Your browser doesn't support javascript.
loading
Dementia risk prediction using decision-focused content selection from medical notes.
Li, Shengyang; Dexter, Paul; Ben-Miled, Zina; Boustani, Malaz.
Affiliation
  • Li S; Department of Electrical and Computer Engineering, Indiana University-Purdue University Indianapolis (IUPUI), Indianapolis, IN, 46202, USA. Electronic address: sl137@iu.edu.
  • Dexter P; Indiana University School of Medicine, 340 W. 10th St, Indianapolis, IN, 46202, USA; Regenstrief Institute, Inc., 1101 W. 10th Street, Indianapolis, IN, 46202, USA. Electronic address: prdexter@iu.edu.
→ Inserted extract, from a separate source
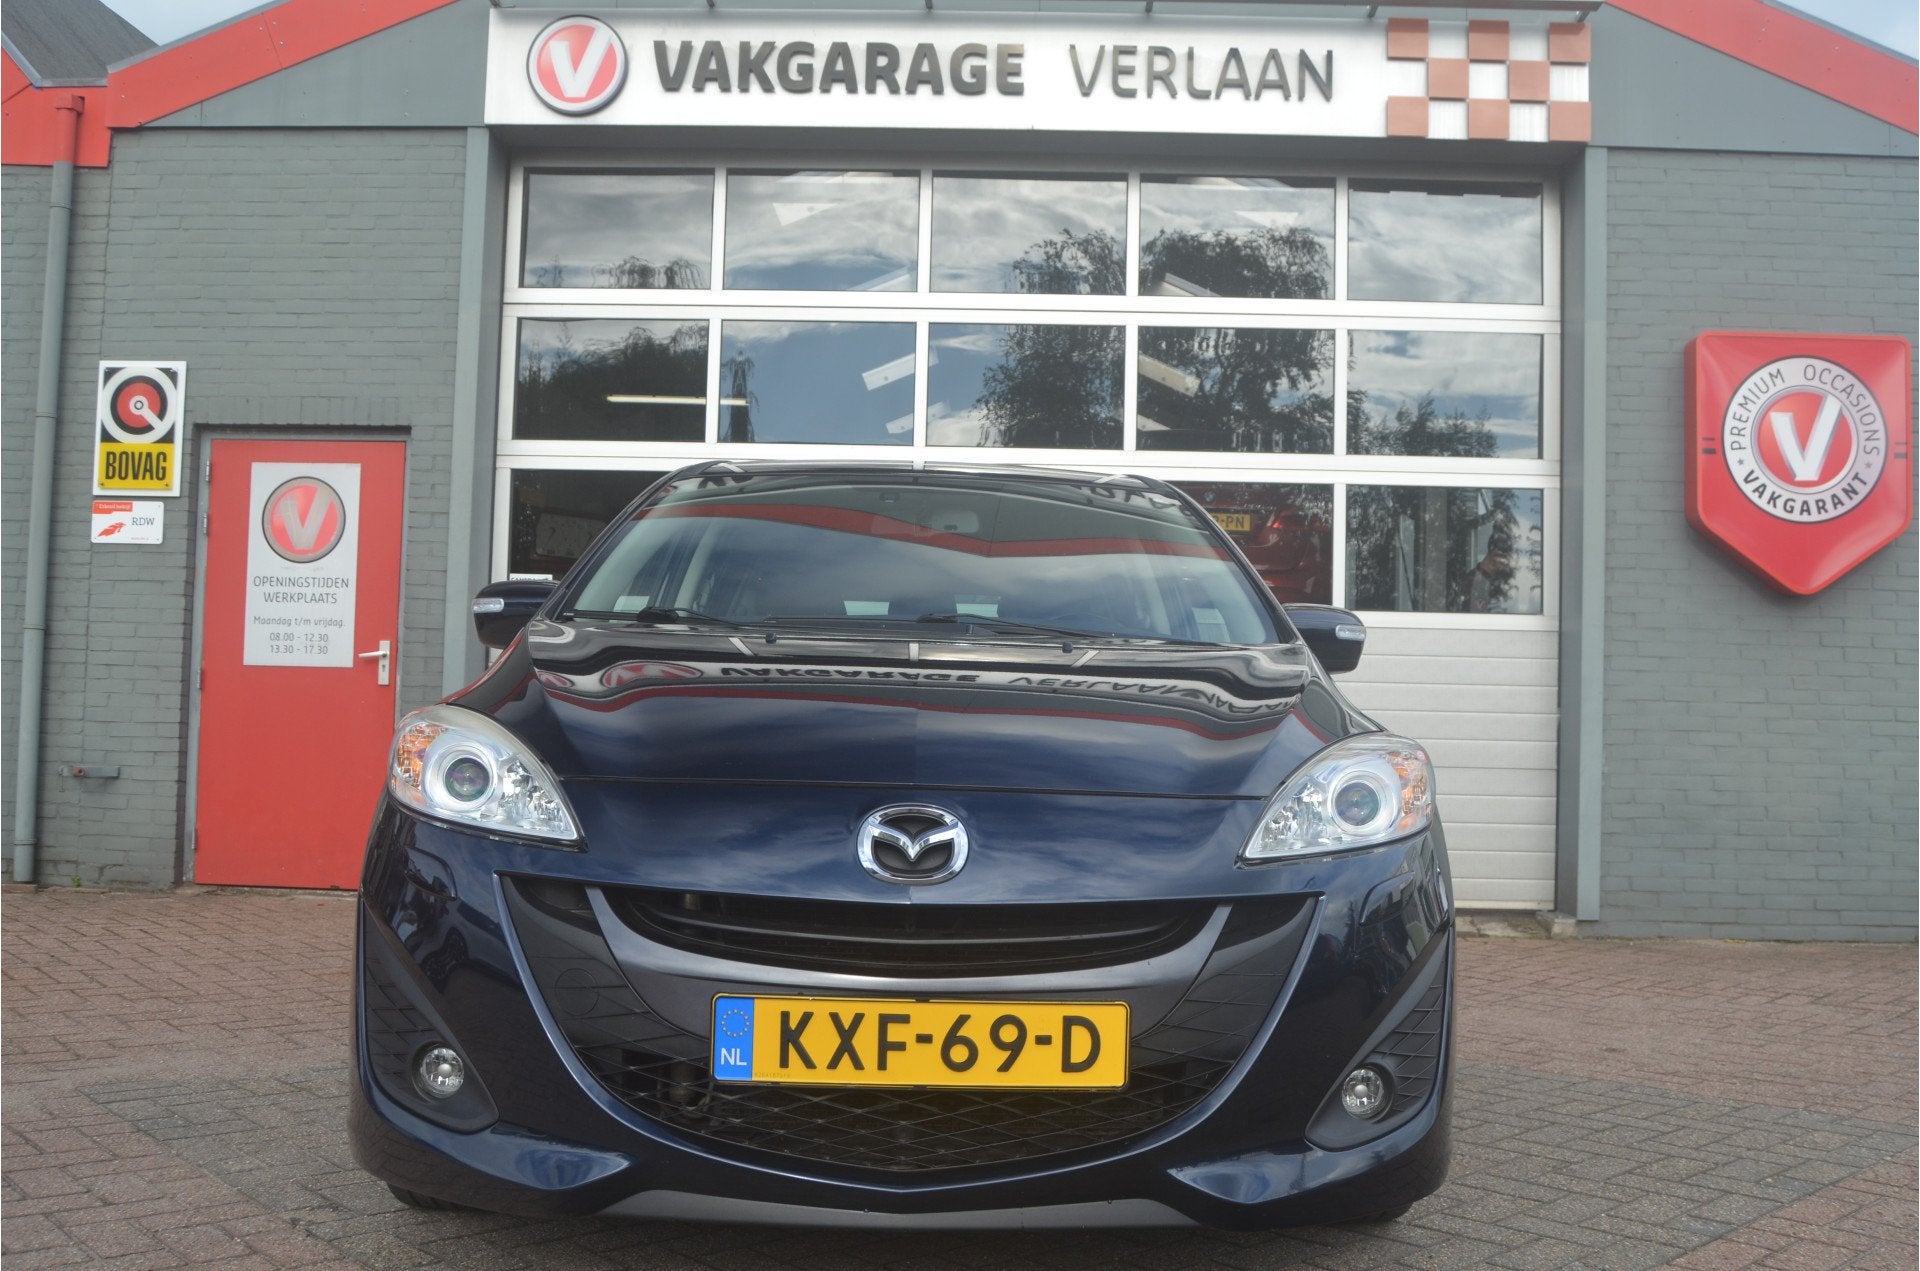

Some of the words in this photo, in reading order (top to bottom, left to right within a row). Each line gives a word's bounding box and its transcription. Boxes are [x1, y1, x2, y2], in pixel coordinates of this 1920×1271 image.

  • Ben-Miled Z; Department of Electrical and Computer Engineering, Indiana University-Purdue University Indianapolis (IUPUI), Indianapolis, IN, 46202, USA; Regenstrief Institute, Inc., 1101 W. 10th Street, Indianapolis, IN, 46202, USA. Electronic address: zmiled@iu.edu.
  • Boustani M; Indiana University School of Medicine, 340 W. 10th St, Indianapolis, IN, 46202, USA; Regenstrief Institute, Inc., 1101 W. 10th Street, Indianapolis, IN, 46202, USA. Electronic address: mboustan@iu.edu.
Comput Biol Med ; 182: 109144, 2024 Sep 18.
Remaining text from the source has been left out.